The expected methane content after the single chamber reactor is 70 – 80%. Further biogas upgrading towards 95% CH4) will be done by the double chamber reactor, installed in series to the single chamber one.
Previous lab experiences showed that two parameters contribute to increase biogas/biomethane production in AD-BES:
- the increased available surface for biofilm growth, due to electrodes presence;
- the application of an optimal voltage for the stimulation of electro-active microorganisms. It is still an open challenge to optimize these two parameters together, to sum their beneficial effects in an upscaled AD-BES plant.
On the other hand, feeding the 1c-AD-BES with an already digested feedstock represents a challenge, as some physical-chemical characteristics are sub-optimal, e.g., basic pH, low carbon/nutrients ratio, low biodegradability, and high viscosity. Moreover, inoculation of anode and cathode with proper electro-active biofilms also represent a challenge, when targeting upscaled, industrial systems. Ideal solution is to cope with both electrodes’ inoculation directly onsite, by direct voltage application (i.e., not using a potentiostat, which is quite common in lab experiments).

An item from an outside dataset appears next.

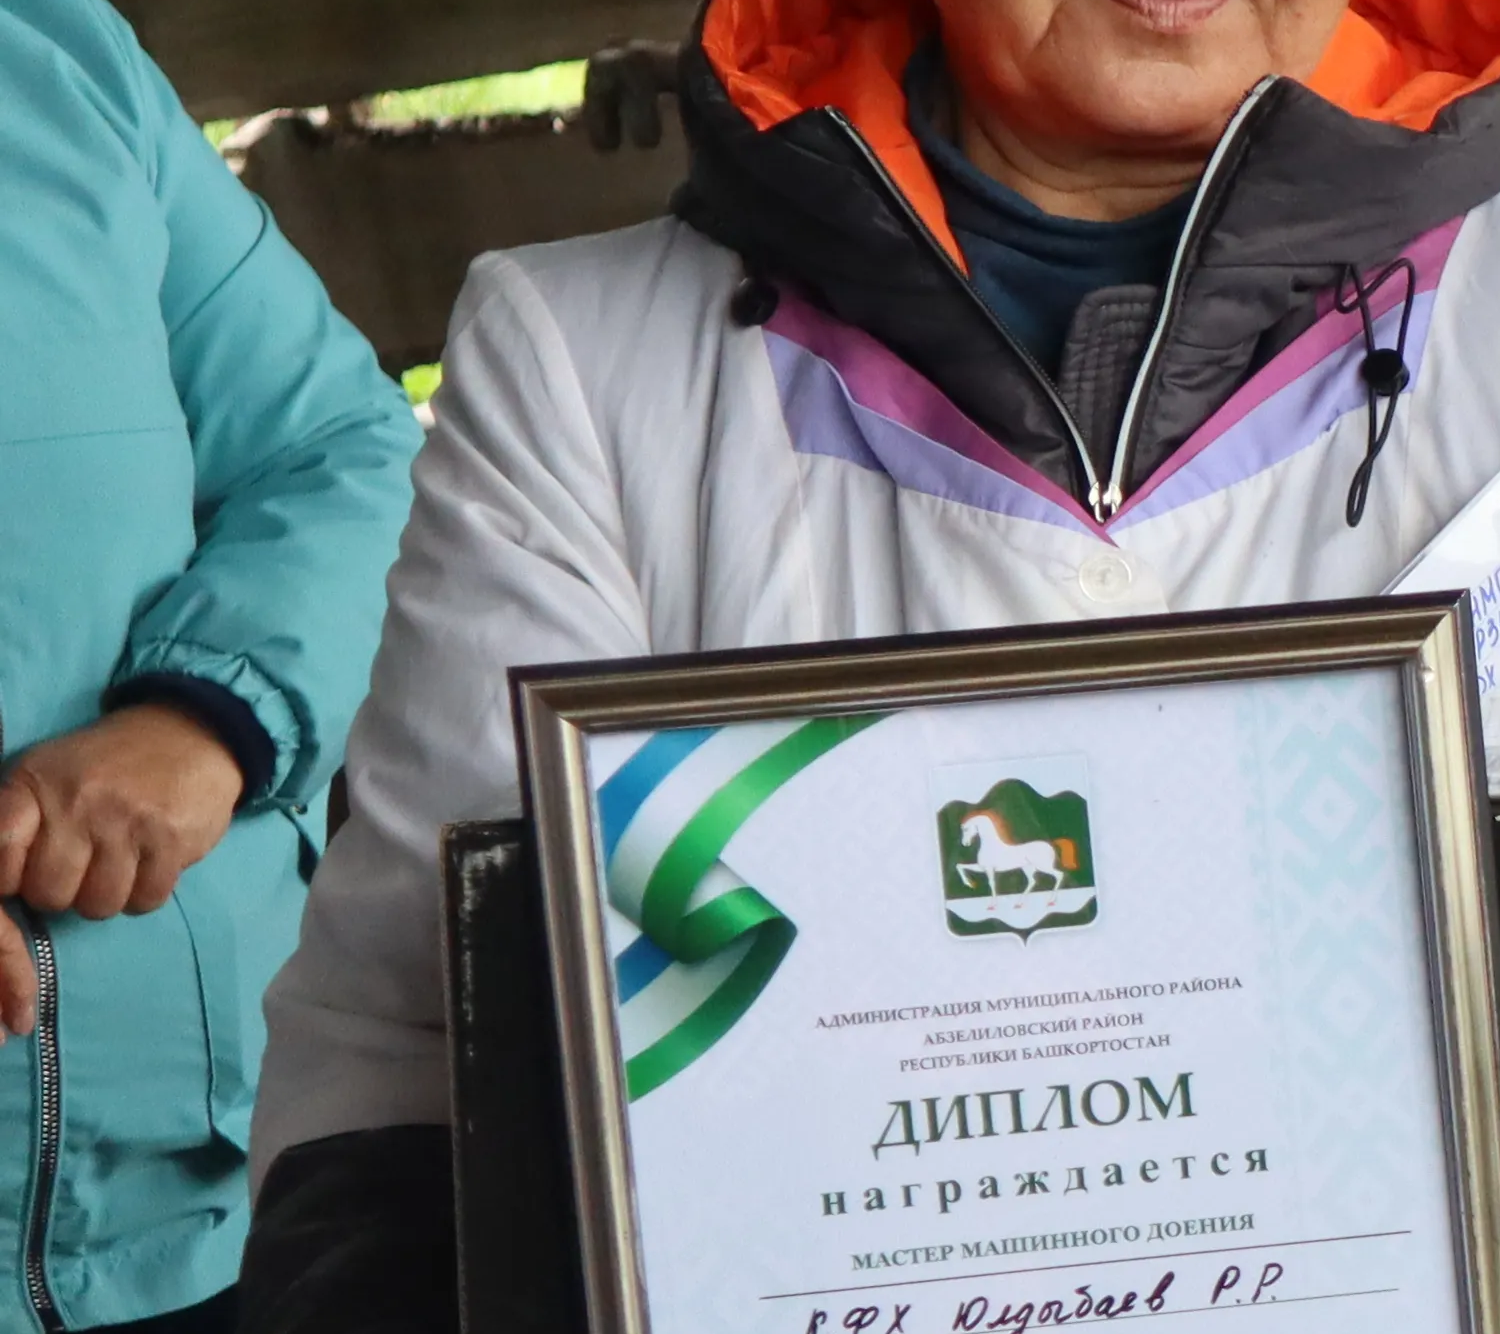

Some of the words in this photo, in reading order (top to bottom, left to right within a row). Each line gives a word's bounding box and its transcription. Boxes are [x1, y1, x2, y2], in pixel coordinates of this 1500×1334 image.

Previous work done by LEITAT and ENGIE showed that this approach is possible, but biofilm populations are highly sensitive to applied operation conditions (inoculum mixture, feedstock temperature, voltage). Especially on the cathode site, it is challenging to grow a specific biofilm catalysing CO2 reduction to CH4. For these reasons, the current proposal foresees initial laboratory trials on digestate pre-treatment and electrodes surface treatment solutions for optimized biocatalyst-transducer interface and overpotential minimization (i.e., decrease of electrical energy demand).